At the far edge of her right lung, is where it was. It had originally been in her left breast! And -- for you anatomists out there -- subsequent views showed it was definitely within the lung, not overlying it on the outside. Now, here's the hard part, because I'm not clever enough to be able to draw explanatory pictures and load them into this blog: the only way this could have happened is if the wire had humped itself directly down through the breast, through the chest wall, and into Marlene's heart: her right ventricle, to be precise, after which it was flushed out into the pulmonary artery and sent into the lung.
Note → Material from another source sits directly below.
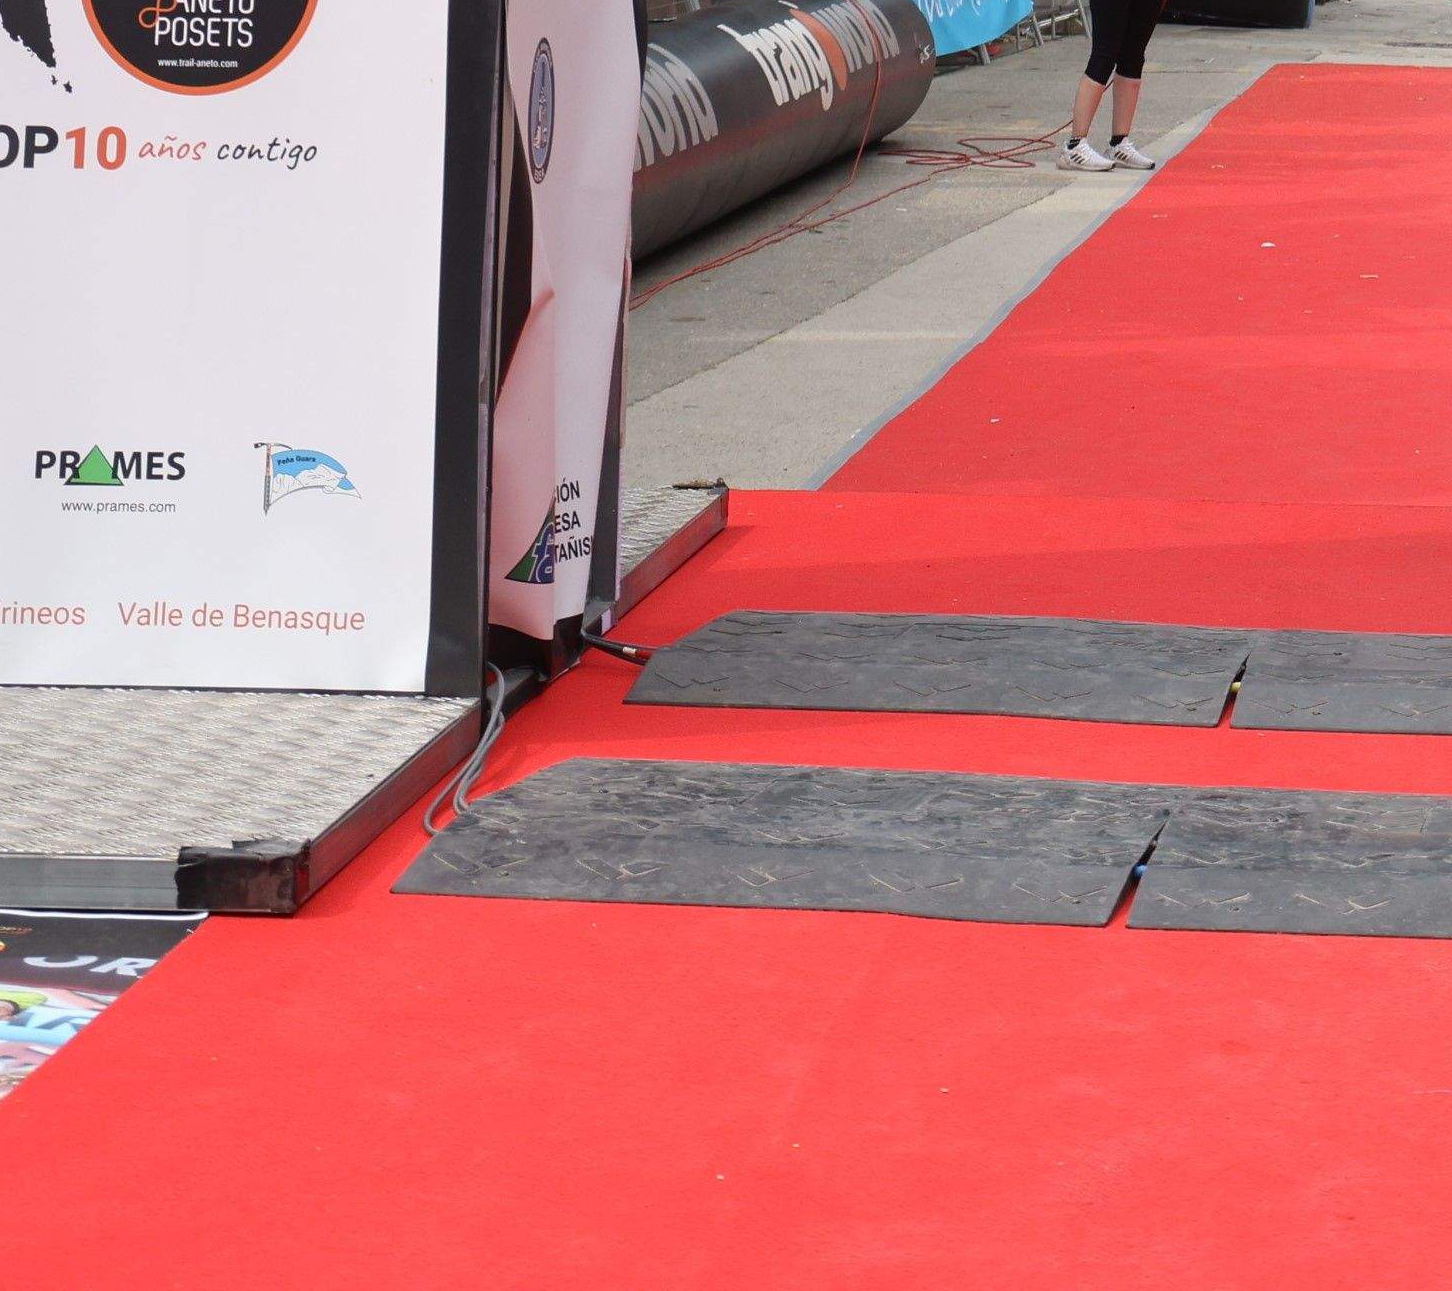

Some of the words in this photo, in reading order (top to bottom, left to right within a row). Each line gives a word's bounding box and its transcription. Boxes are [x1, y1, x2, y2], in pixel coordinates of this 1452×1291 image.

The only other avenue was for the wire to have entered a vein in Marlene's breast -- or the big vein under her collarbone (the subclavian vein) and then gone to the heart. But the wire was at least two inches long. No way it could have made the twists and turns required of that circuit, starting its journey through a small vein.
"I've got some good news, and some bad news," I told Marlene. "The good news is that the shadow in your breast continues to look harmless, and safe to leave alone. The bad news is that the wire..... DRILLED A HOLE THROUGH YOUR FRIGGIN' HEART, PASSED RIGHT THROUGH IT AND STABBED ITSELF INTO YOUR LUNG. YOU'RE GONNA DIE!!!!!" OK, I didn't say that last part. But I figured that's what she'd hear, no matter what I said. Who wouldn't? I explained as mildly and as carefully as I could, drawing the sort of pictures I'd be doing now if I were clever enough, pointing out that if anything bad might happen, it'd already have occurred. I must have done alright, because Marlene remained seated calmly, as opposed to falling to the floor. I told her honestly that I'd neither seen nor heard of anything like it, and that I'd get consultations from cardiologists and chest surgeons; but that I thought the wire had done all the traveling it would ever do, and had come peacefully to rest where it would do no further harm. She liked that.
Catheter-wielding cardiologists and scalpel-wielding heart surgeons agreed: leave the damn thing alone. More damage was possible from trying to get it out than it could conceivably cause left in place. Subsequent Xrays over the next year confirmed it was happy where it was, and so was she. I'm pleased to say I'd never cut and lost a wire in a breast; but after meeting Marlene, I was even more careful with them than I'd been.